> [Record extracts]
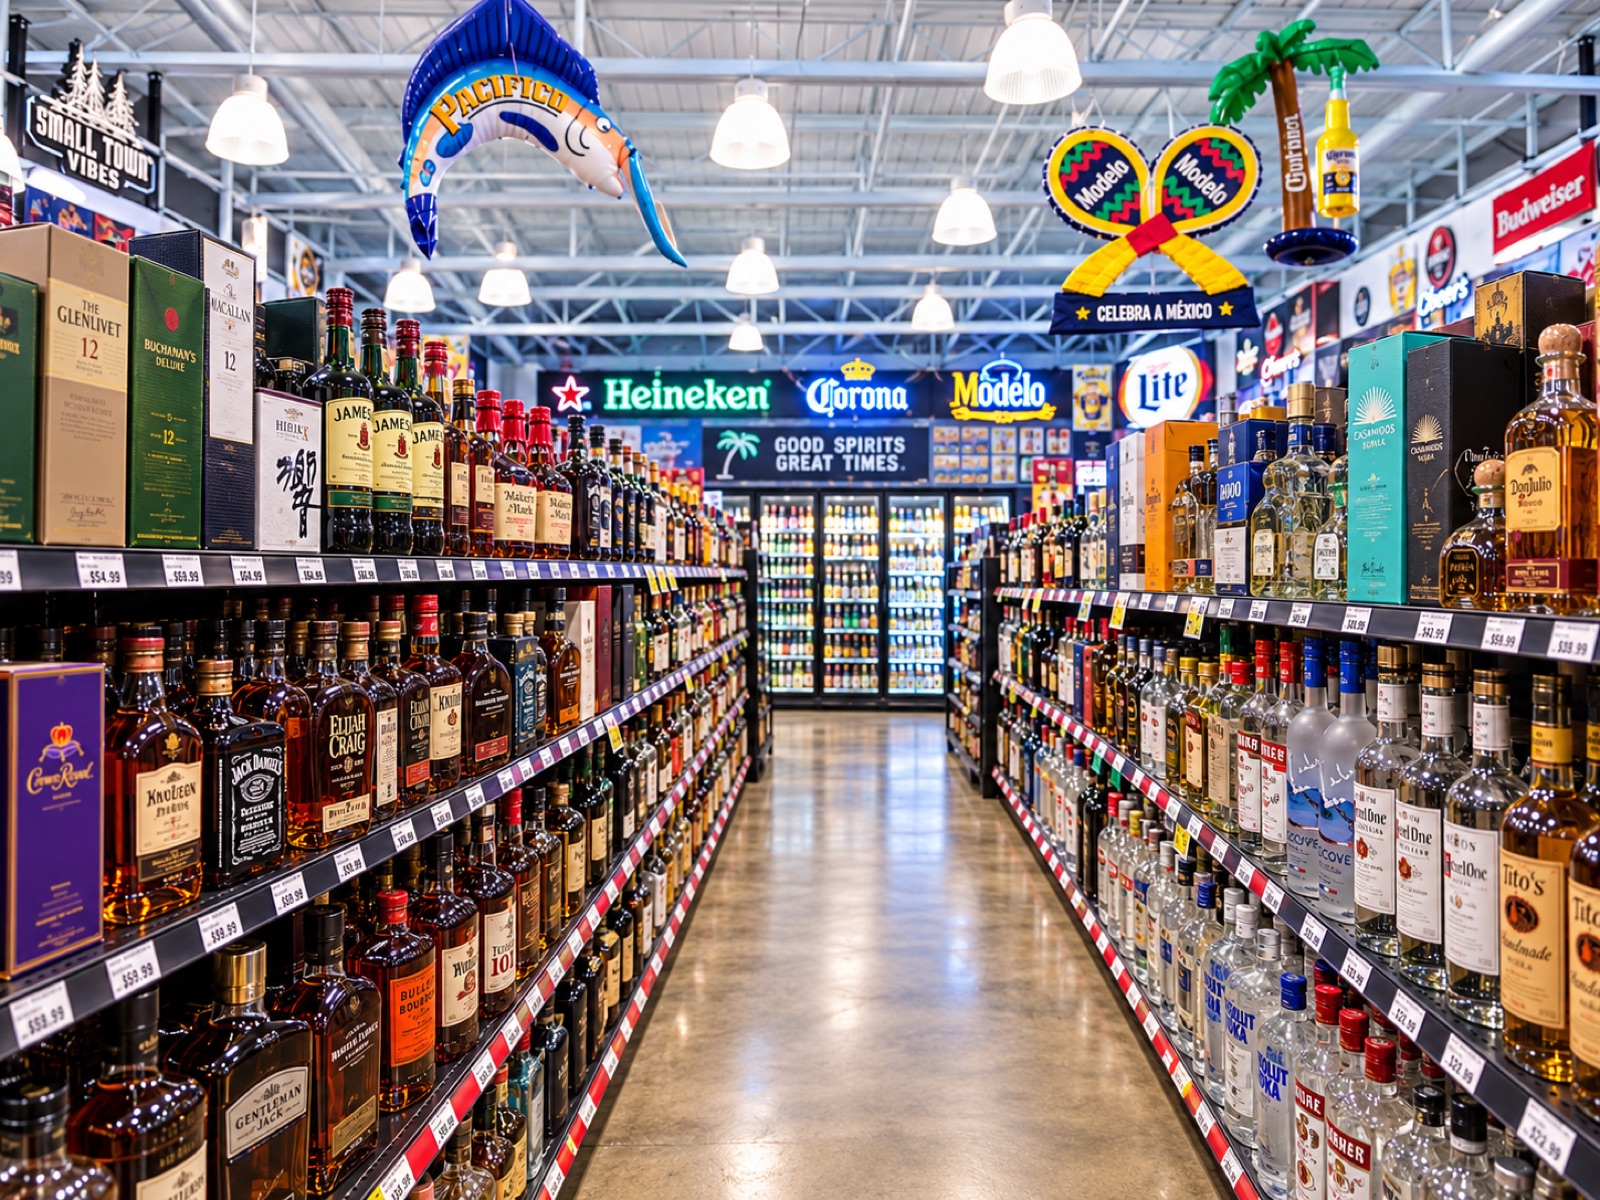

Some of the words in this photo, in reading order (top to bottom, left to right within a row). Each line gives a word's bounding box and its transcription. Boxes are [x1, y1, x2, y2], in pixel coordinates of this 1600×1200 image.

[430, 73, 571, 137] PACIFICO
[35, 105, 98, 159] SMALL
[103, 138, 149, 182] TOWN
[67, 148, 121, 191] VIBES
[1173, 153, 1228, 206] Modelo
[1074, 159, 1129, 211] Modelo
[1496, 174, 1585, 239] Budweiser
[57, 304, 122, 338] GLENLIVET
[82, 299, 100, 315] THE
[1097, 304, 1150, 322] CELEBRA
[1154, 303, 1164, 320] A
[1166, 299, 1213, 320] MÉXICO
[81, 337, 99, 360] 12
[144, 338, 197, 363] BUCHANAN'S
[224, 350, 236, 372] 12
[603, 373, 770, 411] Heineken
[806, 377, 909, 418] Corona
[949, 371, 1046, 408] Modelo
[1137, 370, 1188, 412] Lite
[162, 429, 175, 445] 12
[373, 416, 413, 433] JAMES
[774, 436, 824, 454] GOOD
[834, 436, 906, 454] SPIRITS
[775, 454, 833, 472] GREAT
[329, 713, 367, 737] ELIJAH
[329, 731, 367, 759] CRAIG
[231, 757, 253, 786] JACK
[1503, 863, 1546, 896] Tito's
[490, 950, 514, 977] 101
[235, 1083, 302, 1130] GENTLEMAN
[256, 1106, 283, 1131] JACK
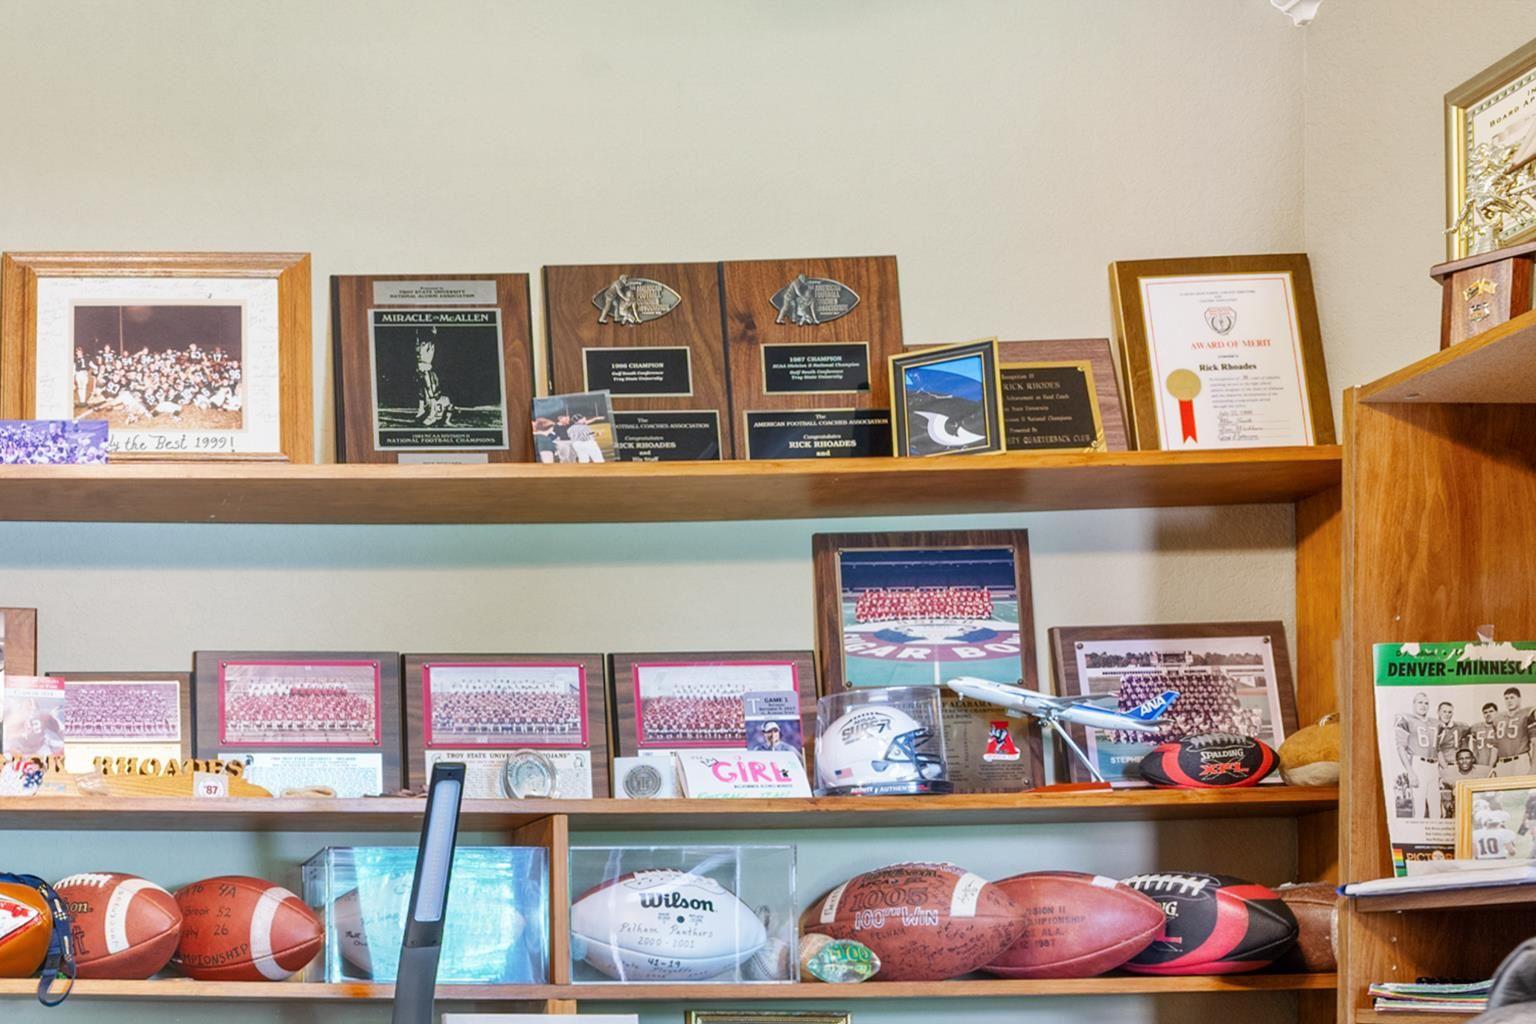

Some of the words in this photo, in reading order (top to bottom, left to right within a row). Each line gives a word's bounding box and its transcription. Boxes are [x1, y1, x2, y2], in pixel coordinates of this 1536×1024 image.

[382, 313, 432, 322] MIRACLE
[439, 313, 489, 322] McALLEN
[1191, 342, 1224, 350] AWARD
[1221, 362, 1257, 371] Rhoades
[124, 434, 146, 451] the
[149, 434, 188, 450] Best
[195, 436, 236, 453] 1999!
[1140, 695, 1166, 717] ANA
[1496, 718, 1519, 739] 85
[1110, 755, 1145, 764] STEPHE
[1200, 748, 1244, 761] SPALDING
[1199, 761, 1249, 777] XFL
[1478, 837, 1498, 855] 10
[639, 892, 715, 913] Wilson
[214, 924, 229, 936] 26
[619, 922, 658, 934] Pelham
[670, 925, 714, 939] Panthers
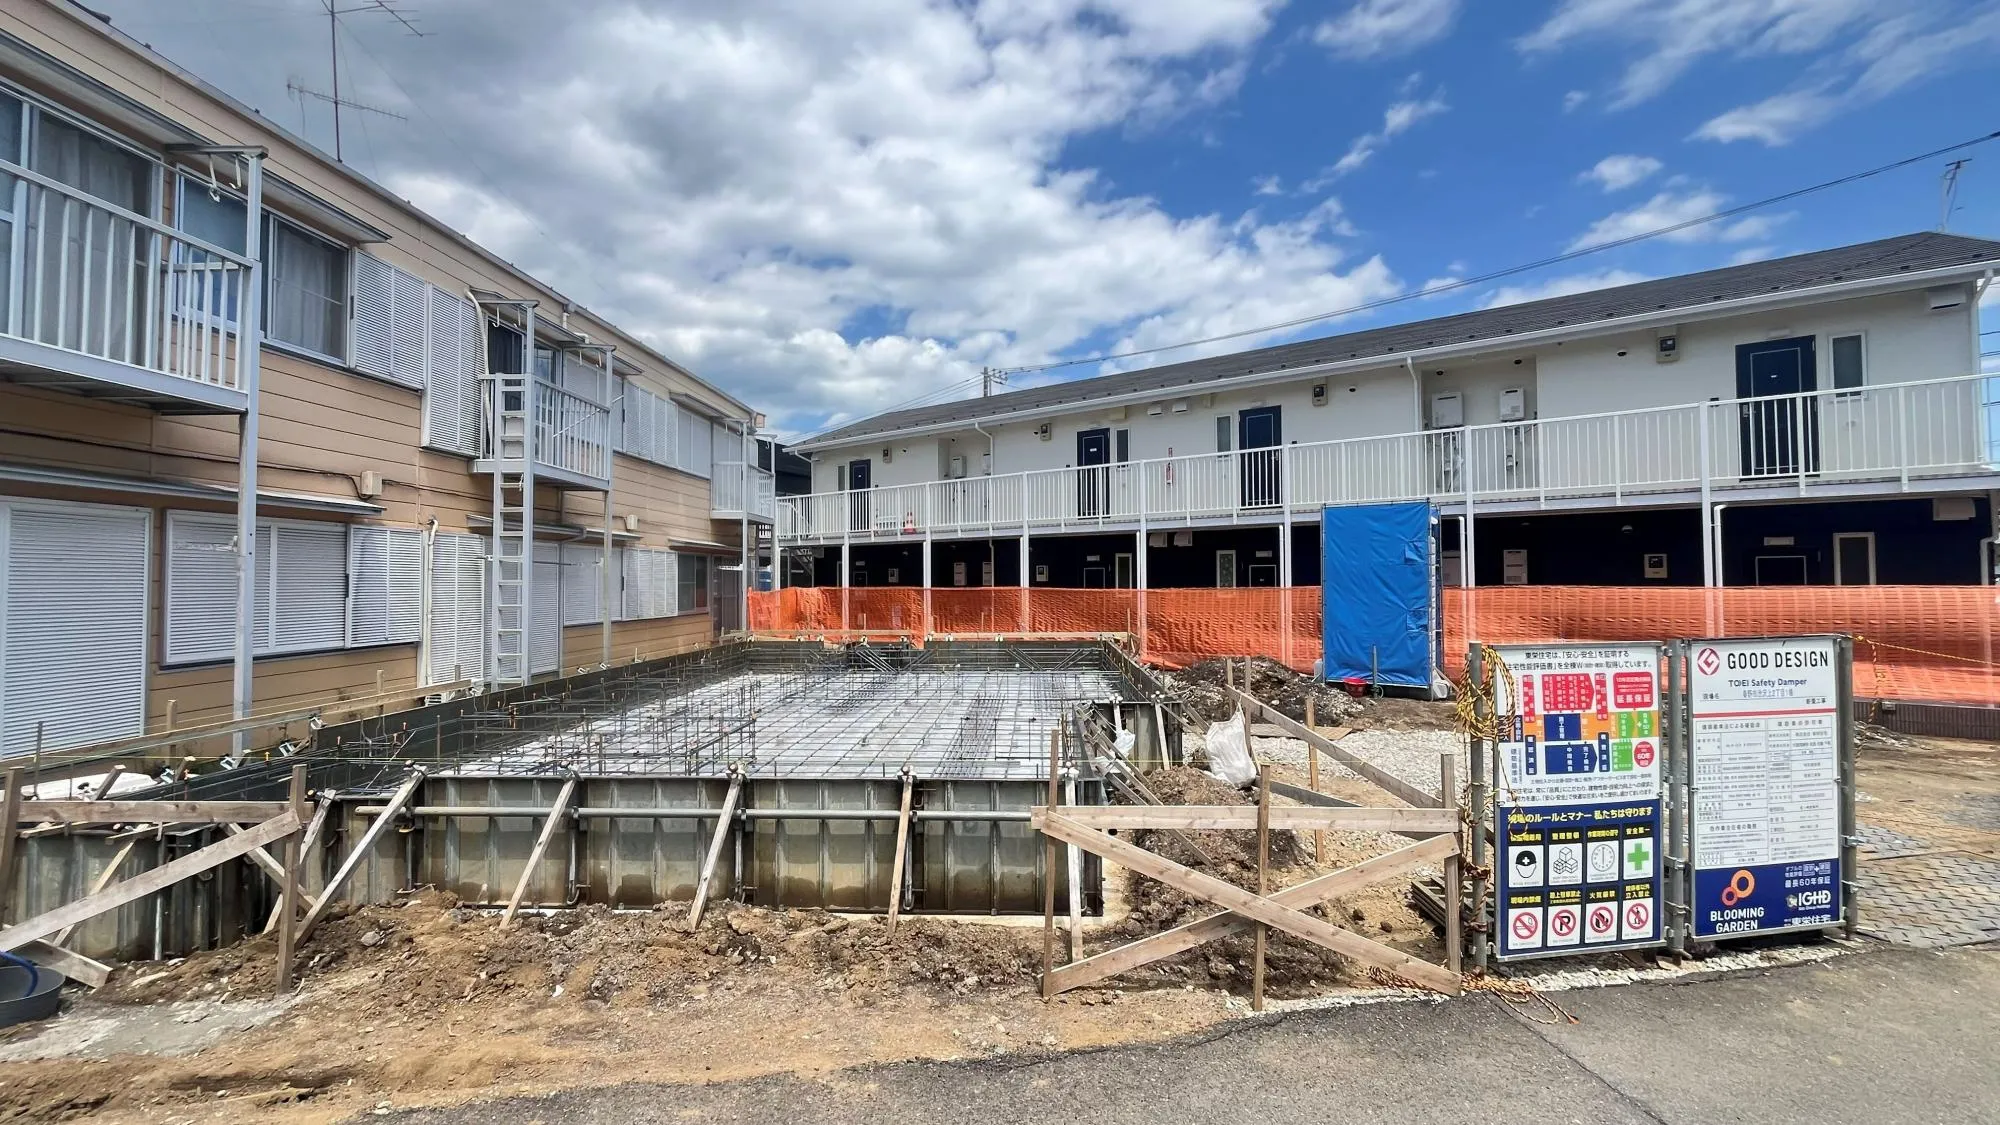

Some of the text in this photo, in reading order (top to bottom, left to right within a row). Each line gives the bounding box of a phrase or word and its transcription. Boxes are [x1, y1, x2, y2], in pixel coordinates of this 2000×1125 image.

[1727, 651, 1828, 670] GOOD DESIGN
[1751, 679, 1775, 688] Safety
[1778, 678, 1807, 687] Damper
[1508, 807, 1653, 824] 現場のルールとマナー 私たちは守ります
[1626, 827, 1650, 835] 安全第一
[1785, 877, 1830, 888] 最長60年保証
[1799, 890, 1831, 906] IGHD
[1710, 907, 1764, 921] BLOOMING
[1716, 920, 1758, 933] GARDEN

> [Task directions]
Output every entry exactly. Pictures stay out.

> [Answer box]
Some of the words in this photo, in reading order (top to bottom, left to right within a row). Each line gives a word's bounding box and its transcription. Boxes are [x1, y1, x2, y2], in pixel coordinates of this 1600×1200 image.

[430, 73, 571, 137] PACIFICO
[35, 105, 98, 159] SMALL
[103, 138, 149, 182] TOWN
[67, 148, 121, 191] VIBES
[1173, 153, 1228, 206] Modelo
[1074, 159, 1129, 211] Modelo
[1496, 174, 1585, 239] Budweiser
[57, 304, 122, 338] GLENLIVET
[82, 299, 100, 315] THE
[1097, 304, 1150, 322] CELEBRA
[1154, 303, 1164, 320] A
[1166, 299, 1213, 320] MÉXICO
[81, 337, 99, 360] 12
[144, 338, 197, 363] BUCHANAN'S
[224, 350, 236, 372] 12
[603, 373, 770, 411] Heineken
[806, 377, 909, 418] Corona
[949, 371, 1046, 408] Modelo
[1137, 370, 1188, 412] Lite
[162, 429, 175, 445] 12
[373, 416, 413, 433] JAMES
[774, 436, 824, 454] GOOD
[834, 436, 906, 454] SPIRITS
[775, 454, 833, 472] GREAT
[329, 713, 367, 737] ELIJAH
[329, 731, 367, 759] CRAIG
[231, 757, 253, 786] JACK
[1503, 863, 1546, 896] Tito's
[490, 950, 514, 977] 101
[235, 1083, 302, 1130] GENTLEMAN
[256, 1106, 283, 1131] JACK

Some of the words in this photo, in reading order (top to bottom, left to right within a row). Each line gives a word's bounding box and its transcription. Boxes are [x1, y1, x2, y2], in pixel coordinates of this 1536×1024 image.

[382, 313, 432, 322] MIRACLE
[439, 313, 489, 322] McALLEN
[1191, 342, 1224, 350] AWARD
[1221, 362, 1257, 371] Rhoades
[124, 434, 146, 451] the
[149, 434, 188, 450] Best
[195, 436, 236, 453] 1999!
[1140, 695, 1166, 717] ANA
[1496, 718, 1519, 739] 85
[1110, 755, 1145, 764] STEPHE
[1200, 748, 1244, 761] SPALDING
[1199, 761, 1249, 777] XFL
[1478, 837, 1498, 855] 10
[639, 892, 715, 913] Wilson
[214, 924, 229, 936] 26
[619, 922, 658, 934] Pelham
[670, 925, 714, 939] Panthers

Some of the text in this photo, in reading order (top to bottom, left to right within a row). Each line gives the bounding box of a phrase or word and its transcription. Boxes are [x1, y1, x2, y2], in pixel coordinates of this 2000×1125 image.

[1727, 651, 1828, 670] GOOD DESIGN
[1751, 679, 1775, 688] Safety
[1778, 678, 1807, 687] Damper
[1508, 807, 1653, 824] 現場のルールとマナー 私たちは守ります
[1626, 827, 1650, 835] 安全第一
[1785, 877, 1830, 888] 最長60年保証
[1799, 890, 1831, 906] IGHD
[1710, 907, 1764, 921] BLOOMING
[1716, 920, 1758, 933] GARDEN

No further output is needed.